AIM OF THE EXERCISE >>
Write out each record exactly and skip every image.

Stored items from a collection

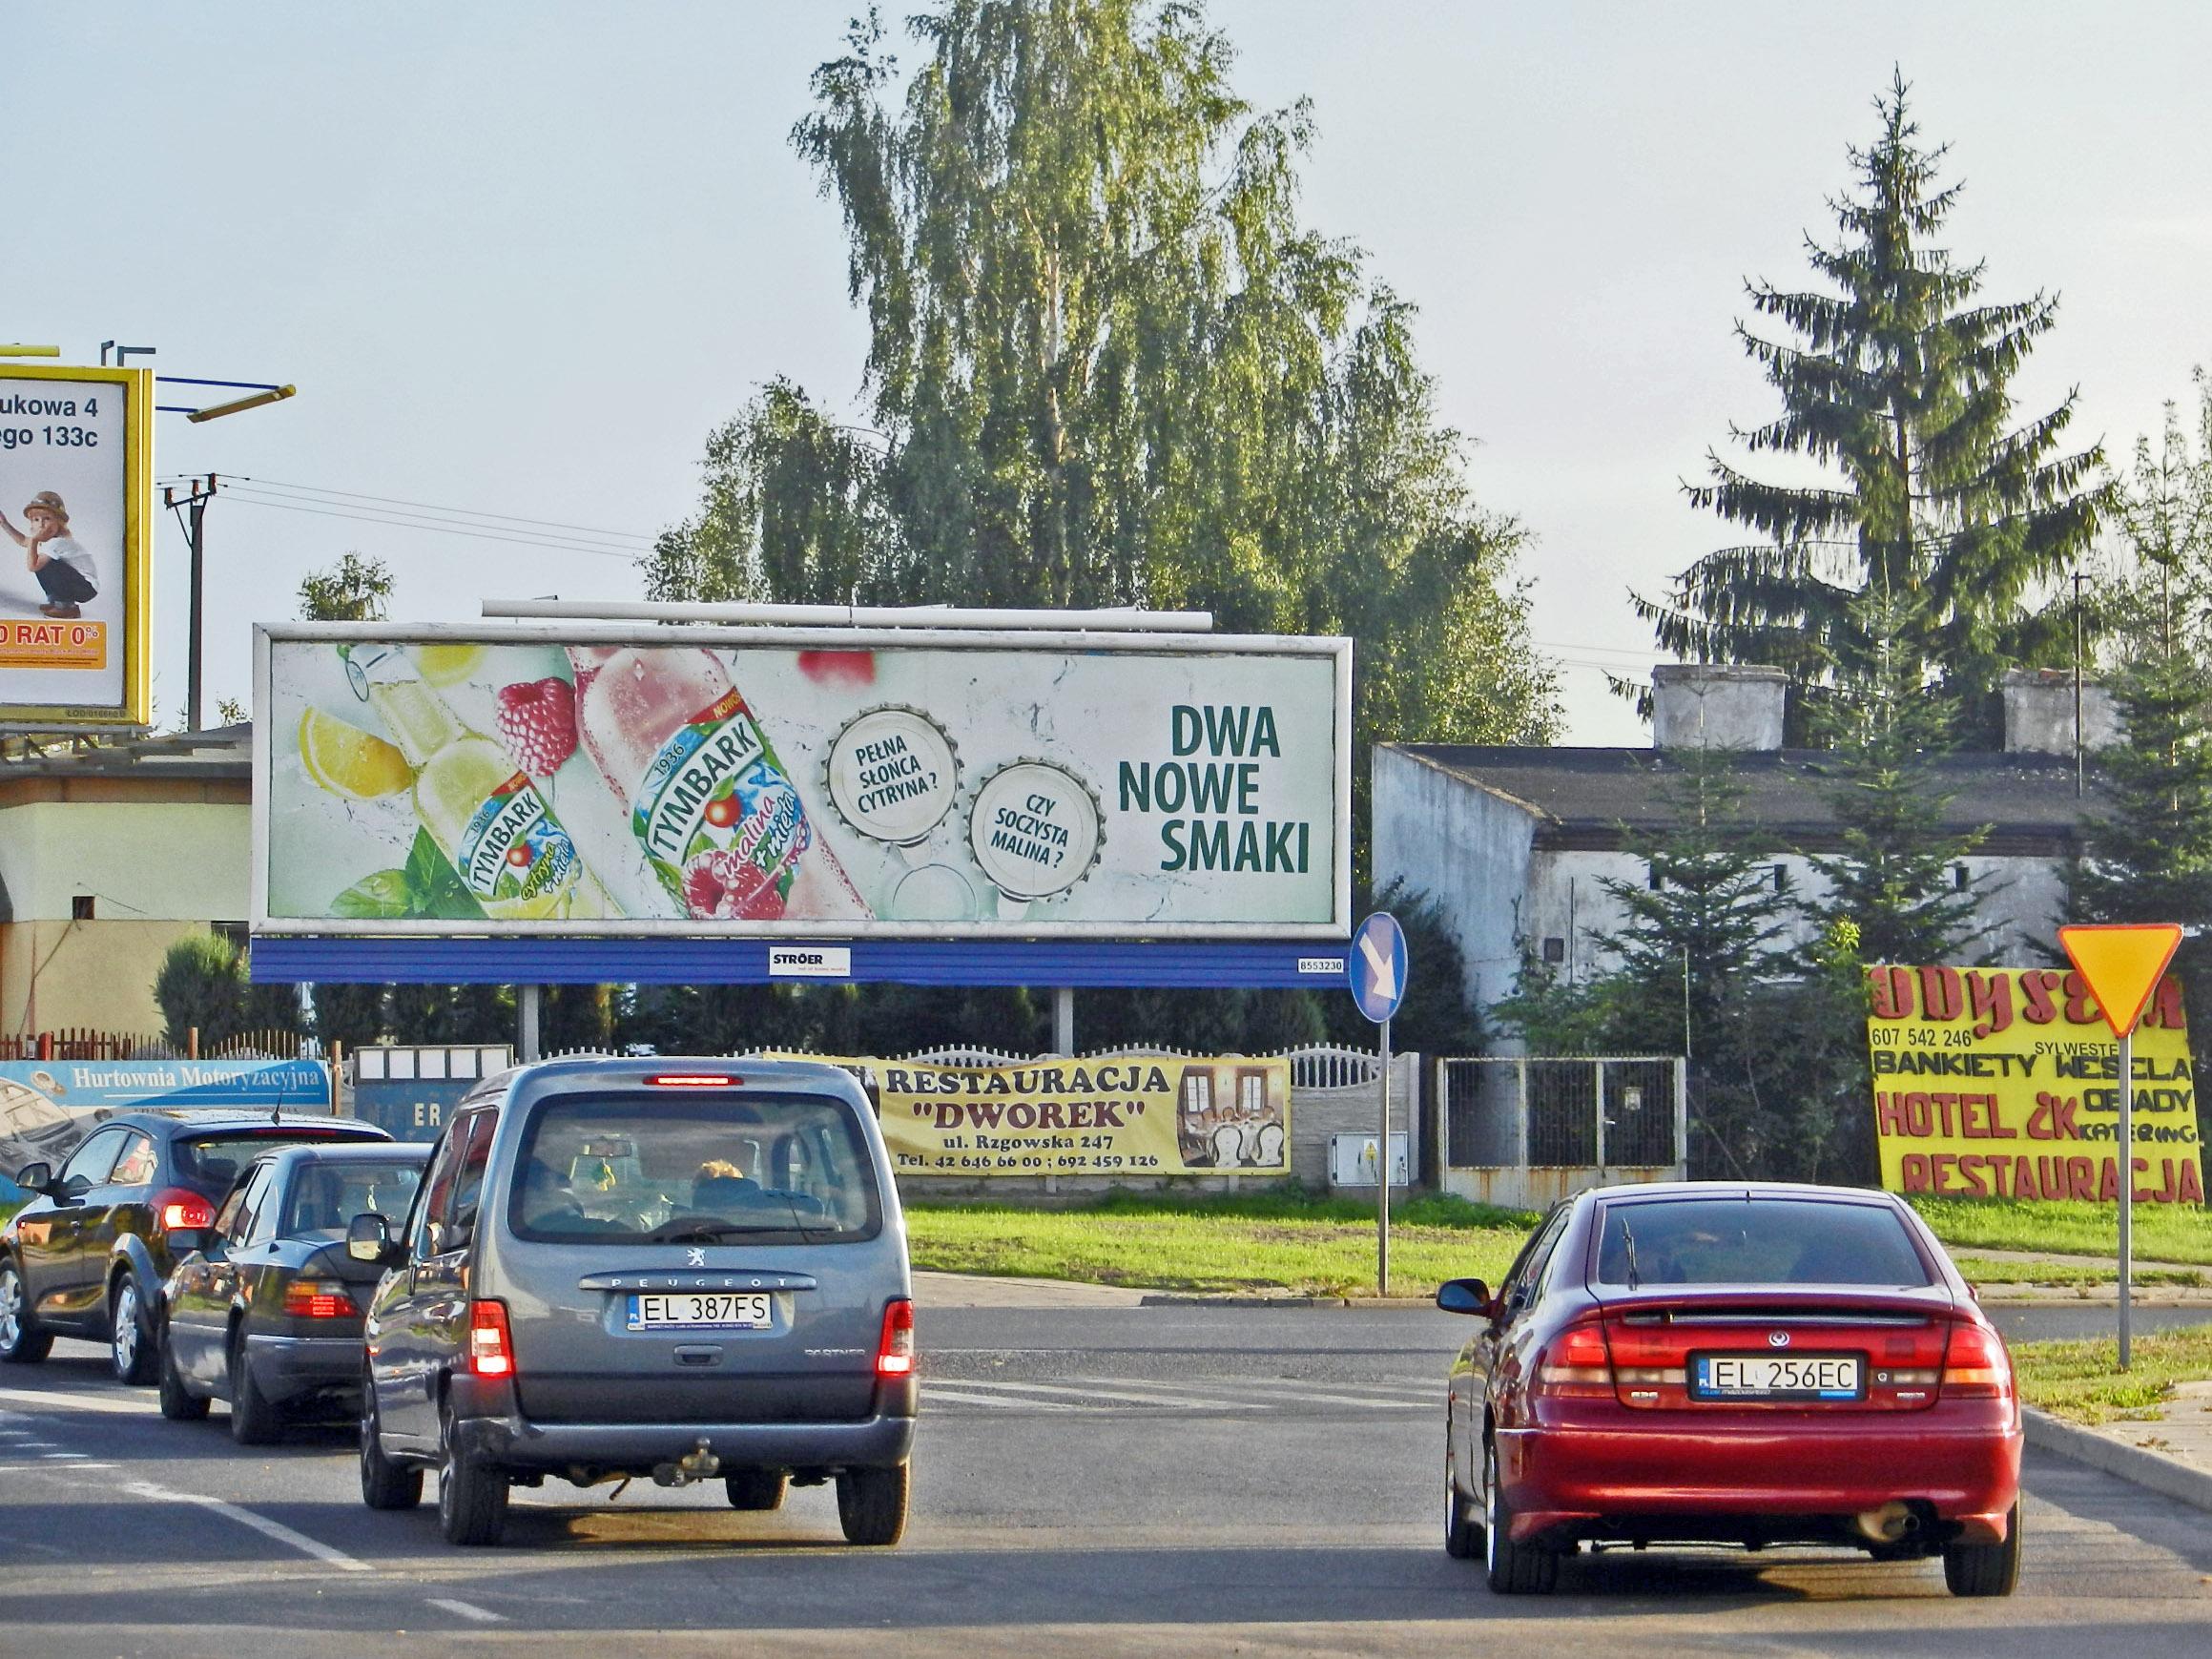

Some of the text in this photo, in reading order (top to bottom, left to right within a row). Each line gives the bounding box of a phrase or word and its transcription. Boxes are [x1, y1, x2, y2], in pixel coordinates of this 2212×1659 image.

[84, 398, 98, 417] 4
[0, 425, 98, 449] go 133c
[16, 625, 64, 644] RAT
[72, 626, 98, 645] 0%
[1172, 705, 1281, 757] DWA
[654, 743, 685, 776] 1936
[856, 735, 907, 766] PEŁNA
[653, 721, 757, 853] TYMBARK
[859, 755, 921, 789] SŁOŃCA
[1119, 761, 1259, 814] NOWE
[858, 777, 929, 813] CYTRYNA
[1026, 794, 1056, 817] CZY
[473, 792, 540, 886] TYMBARK
[723, 796, 776, 879] malina
[995, 807, 1068, 847] SOCZYSTA
[991, 830, 1050, 865] MALINA
[1161, 819, 1310, 873] SMAKI
[521, 840, 557, 901] cytryna
[1300, 961, 1342, 970] 8553230
[1872, 1028, 1973, 1047] 607 542 246
[72, 1066, 320, 1090] Hurtownia Motoryzacyjna
[886, 1067, 1171, 1094] RESTAURACJA
[1873, 1049, 2192, 1081] BANKIETY WESELA
[913, 1101, 1146, 1129] "DWOREK"
[1876, 1091, 2017, 1139] HOTEL
[943, 1135, 1114, 1152] ul. Rzgowska 247
[898, 1153, 929, 1167] Tel.
[935, 1155, 955, 1167] 42
[961, 1156, 991, 1167] 646
[997, 1155, 1017, 1167] 66
[1023, 1157, 1043, 1167] 00
[1058, 1155, 1086, 1168] 692
[1092, 1155, 1123, 1168] 459
[1129, 1154, 1158, 1167] 126
[1901, 1153, 2204, 1204] RESTAURACJA
[611, 1278, 787, 1287] PEUGEOT
[644, 1296, 766, 1321] EL 387FS
[1716, 1361, 1853, 1388] EL 256EC

RESPONSE AREA >>
Some of the text in this photo, in reading order (top to bottom, left to right within a row). Each line gives the bounding box of a phrase or word and its transcription. Boxes are [x1, y1, x2, y2], in pixel coordinates of this 2212×1659 image.

[84, 398, 98, 417] 4
[0, 425, 98, 449] go 133c
[16, 625, 64, 644] RAT
[72, 626, 98, 645] 0%
[1172, 705, 1281, 757] DWA
[654, 743, 685, 776] 1936
[856, 735, 907, 766] PEŁNA
[653, 721, 757, 853] TYMBARK
[859, 755, 921, 789] SŁOŃCA
[1119, 761, 1259, 814] NOWE
[858, 777, 929, 813] CYTRYNA
[1026, 794, 1056, 817] CZY
[473, 792, 540, 886] TYMBARK
[723, 796, 776, 879] malina
[995, 807, 1068, 847] SOCZYSTA
[991, 830, 1050, 865] MALINA
[1161, 819, 1310, 873] SMAKI
[521, 840, 557, 901] cytryna
[1300, 961, 1342, 970] 8553230
[1872, 1028, 1973, 1047] 607 542 246
[72, 1066, 320, 1090] Hurtownia Motoryzacyjna
[886, 1067, 1171, 1094] RESTAURACJA
[1873, 1049, 2192, 1081] BANKIETY WESELA
[913, 1101, 1146, 1129] "DWOREK"
[1876, 1091, 2017, 1139] HOTEL
[943, 1135, 1114, 1152] ul. Rzgowska 247
[898, 1153, 929, 1167] Tel.
[935, 1155, 955, 1167] 42
[961, 1156, 991, 1167] 646
[997, 1155, 1017, 1167] 66
[1023, 1157, 1043, 1167] 00
[1058, 1155, 1086, 1168] 692
[1092, 1155, 1123, 1168] 459
[1129, 1154, 1158, 1167] 126
[1901, 1153, 2204, 1204] RESTAURACJA
[611, 1278, 787, 1287] PEUGEOT
[644, 1296, 766, 1321] EL 387FS
[1716, 1361, 1853, 1388] EL 256EC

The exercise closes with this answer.